DES CONSERVATEURS BIEN CONSERVES

Posté par issopha le 30 septembre 2007

Privilèges

  

DES CONSERVATEURS BIEN CONSERVES

mercredi 19 septembre 2007

Conservateurs des hypothèques : un terme bien ronflant pour des fonctionnaires qui le sont tout autant. En effet ces cadres supérieurs de la Direction générale des impôts, en charge de la tenue du fichier immobilier, sont des fonctionnaires privilégiés à qui, en échange d’une présence on ne peut plus formelle (2 jours par semaine suffisent amplement à remplir leur mission qui consistent principalement à apposer quelques centaines de signatures), on offre royalement, en récompense de leur dur labeur, de 60 000 à 120 000 € par an, voire plus pour les Conservations les plus rémunératrices.

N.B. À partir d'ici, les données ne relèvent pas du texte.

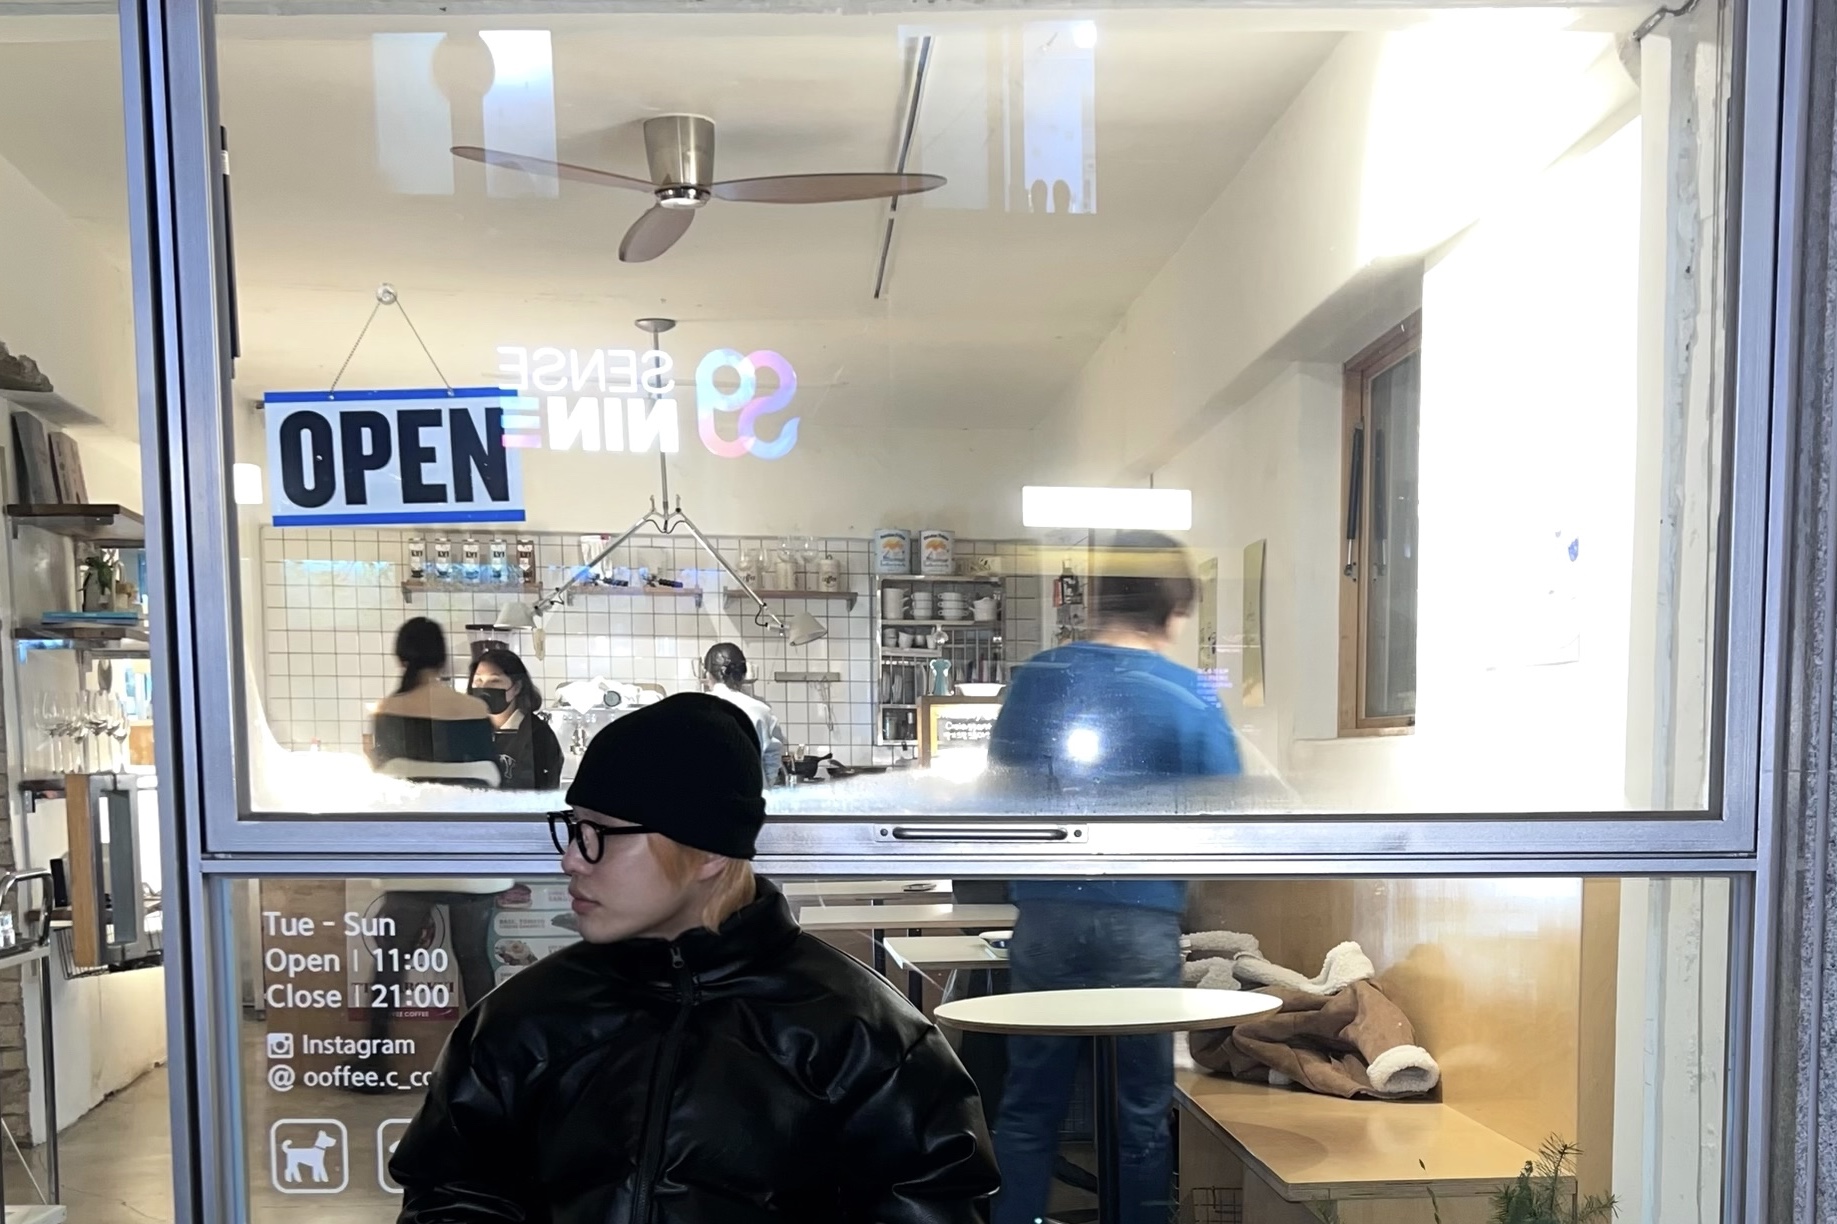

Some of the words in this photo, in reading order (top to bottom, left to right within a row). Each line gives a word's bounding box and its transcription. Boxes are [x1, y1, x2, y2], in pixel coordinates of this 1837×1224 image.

Mais comme toutes les questions touchant à la rémunération des hauts fonctionnaires des Finances, c’est un secret bien gardé !Au temps des réductions drastiques d’emplois à la Direction générale des impôts qu’on appelle évidement modernisation, les pontes de Bercy ont oublié bien opportunément de s’attaquer au chantier des Conservations des hypothèques.

Et oui, il faut diminuer le déficit et réduire les coûts mais comme ces cadres supérieurs et hauts fonctionnaires vont souvent finir leur belle carrière dans ces lieux douillets, ils veulent bien scier des branches mais pas celles où pendent ces belles liasses de billets qu’ils viendront cueillir avant de prendre une retraite bien méritée.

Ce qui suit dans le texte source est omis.